I give the last word—or picture—to Omkar, a student of Standard IX at Raja Shivaji Vidyalaya who in 2007, in response to a call to paint “Khadi and Village Industries,” produced a powerful image that connected the wheel to a young man’s martyrdom (Fig. 15). Dominating the painting is the bespectacled Gandhi holding a baby named khadi (homespun) that he had “birthed” with the help of the spinning wheel in the foreground. A large Indian tricolor occupies pride of place. But our eyes are also drawn to the bleeding body in the upper left-hand corner. Next to the body, Omkar has inscribed the words in Marathi, “Babu Genu’s sacrifice for khadi and swadeshi.” The 22-year-old Baburao Genu was a Bombay mill worker killed on 12 December 1930 by the colonial police while protesting against a foreign cloth vendor. Now a largely forgotten hero, his death provoked a nationalist outcry and protests in a city that was already in the throes of the civil disobedience movement. Gandhi himself was in jail by then, and it is not clear if he heard of the young man’s death for the cause of khadi and the charkha. I imagine though that if he knew of his passing, he would have approved—as he would have of young Omkar’s attempt to bring Genu’s sacrifice (balidan) to our attention all these decades later.
Select References

Collected Works of Mahatma Gandhi 23: 122–23; 27: 218–19; 29: 454; 48: 79; 49: 220–21; 85: 141.
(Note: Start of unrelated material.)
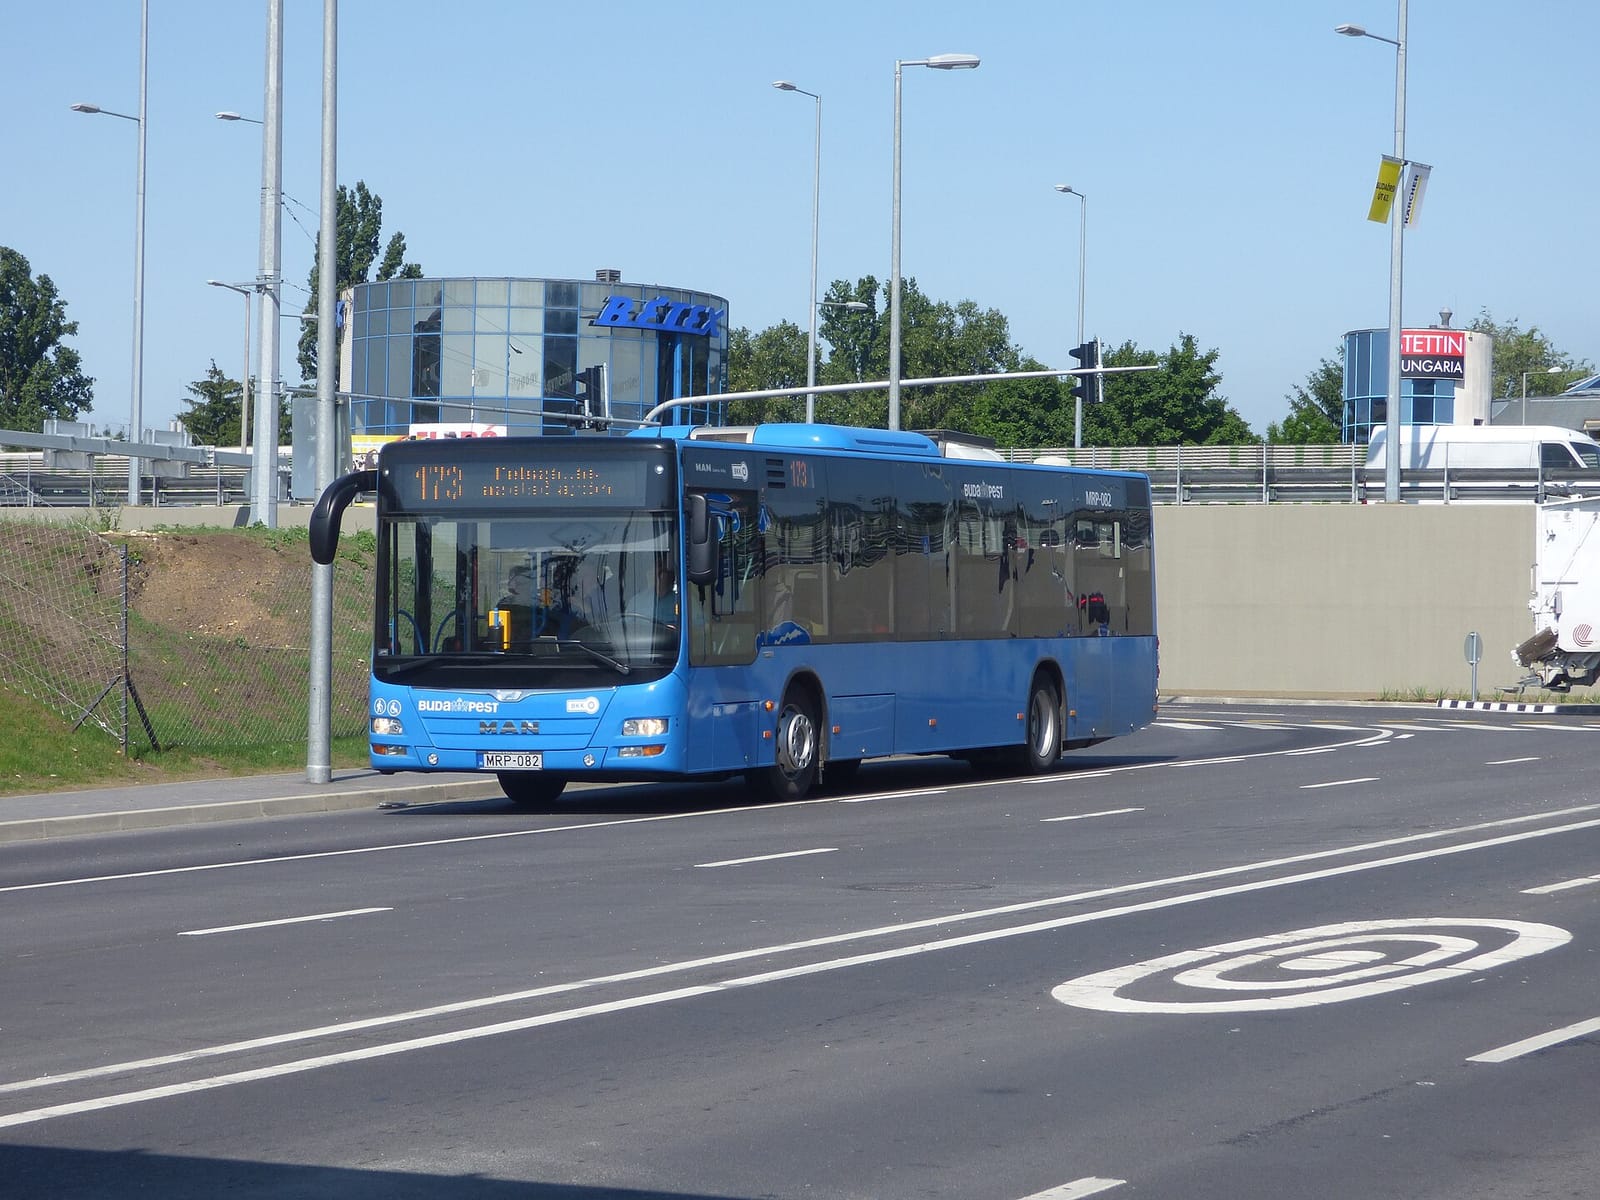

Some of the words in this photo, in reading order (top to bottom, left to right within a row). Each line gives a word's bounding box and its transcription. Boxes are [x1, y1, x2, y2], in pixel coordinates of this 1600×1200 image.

Arun Gandhi and Bethany Hedgedus, Grandfather Gandhi. New York: Athaneum Books for Young Children, 2014; “National Week at Sabarmati,” Young India, 5 May 1927, 146; Tridip Suhrud, “Introduction.” In The Diary of Manu Gandhi, 1943–1944, edited and translated by Tridip Suhrud, ix–lxi. New Delhi: Oxford University Press, 2019; and Lisa Trivedi, Clothing Gandhi’s Nation: Homespun and Modern India. Bloomington: Indiana University Press, 2007.